» **WORK TASK**
An exact copy of all the data is the expected answer.

» **SUPPLIED RECORDS**
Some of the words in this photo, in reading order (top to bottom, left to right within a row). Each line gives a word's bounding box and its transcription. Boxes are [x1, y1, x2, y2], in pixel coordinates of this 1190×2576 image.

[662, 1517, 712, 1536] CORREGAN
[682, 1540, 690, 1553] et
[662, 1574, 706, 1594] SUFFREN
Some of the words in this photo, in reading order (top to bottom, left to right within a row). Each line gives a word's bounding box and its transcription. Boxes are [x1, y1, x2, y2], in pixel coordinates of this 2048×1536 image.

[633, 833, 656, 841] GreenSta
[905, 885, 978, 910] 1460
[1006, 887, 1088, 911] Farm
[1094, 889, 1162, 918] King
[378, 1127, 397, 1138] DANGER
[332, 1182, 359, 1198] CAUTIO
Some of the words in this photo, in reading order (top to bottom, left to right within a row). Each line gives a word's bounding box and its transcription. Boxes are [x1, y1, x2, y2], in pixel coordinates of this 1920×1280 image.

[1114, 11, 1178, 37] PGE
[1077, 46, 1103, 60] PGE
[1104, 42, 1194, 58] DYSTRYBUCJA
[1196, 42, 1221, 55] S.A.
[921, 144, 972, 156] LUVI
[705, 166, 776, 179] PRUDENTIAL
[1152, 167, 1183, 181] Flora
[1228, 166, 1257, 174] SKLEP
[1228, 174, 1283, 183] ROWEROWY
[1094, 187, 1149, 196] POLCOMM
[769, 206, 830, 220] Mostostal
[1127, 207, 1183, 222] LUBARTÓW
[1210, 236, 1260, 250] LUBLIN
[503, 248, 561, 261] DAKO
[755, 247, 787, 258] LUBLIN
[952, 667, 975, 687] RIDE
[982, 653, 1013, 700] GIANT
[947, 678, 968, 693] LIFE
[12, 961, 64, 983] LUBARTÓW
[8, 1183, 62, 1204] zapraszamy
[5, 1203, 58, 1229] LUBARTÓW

» **SOLUTION**
Some of the words in this photo, in reading order (top to bottom, left to right within a row). Each line gives a word's bounding box and its transcription. Boxes are [x1, y1, x2, y2], in pixel coordinates of this 1190×2576 image.

[662, 1517, 712, 1536] CORREGAN
[682, 1540, 690, 1553] et
[662, 1574, 706, 1594] SUFFREN
Some of the words in this photo, in reading order (top to bottom, left to right within a row). Each line gives a word's bounding box and its transcription. Boxes are [x1, y1, x2, y2], in pixel coordinates of this 2048×1536 image.

[633, 833, 656, 841] GreenSta
[905, 885, 978, 910] 1460
[1006, 887, 1088, 911] Farm
[1094, 889, 1162, 918] King
[378, 1127, 397, 1138] DANGER
[332, 1182, 359, 1198] CAUTIO
Some of the words in this photo, in reading order (top to bottom, left to right within a row). Each line gives a word's bounding box and its transcription. Boxes are [x1, y1, x2, y2], in pixel coordinates of this 1920×1280 image.

[1114, 11, 1178, 37] PGE
[1077, 46, 1103, 60] PGE
[1104, 42, 1194, 58] DYSTRYBUCJA
[1196, 42, 1221, 55] S.A.
[921, 144, 972, 156] LUVI
[705, 166, 776, 179] PRUDENTIAL
[1152, 167, 1183, 181] Flora
[1228, 166, 1257, 174] SKLEP
[1228, 174, 1283, 183] ROWEROWY
[1094, 187, 1149, 196] POLCOMM
[769, 206, 830, 220] Mostostal
[1127, 207, 1183, 222] LUBARTÓW
[1210, 236, 1260, 250] LUBLIN
[503, 248, 561, 261] DAKO
[755, 247, 787, 258] LUBLIN
[952, 667, 975, 687] RIDE
[982, 653, 1013, 700] GIANT
[947, 678, 968, 693] LIFE
[12, 961, 64, 983] LUBARTÓW
[8, 1183, 62, 1204] zapraszamy
[5, 1203, 58, 1229] LUBARTÓW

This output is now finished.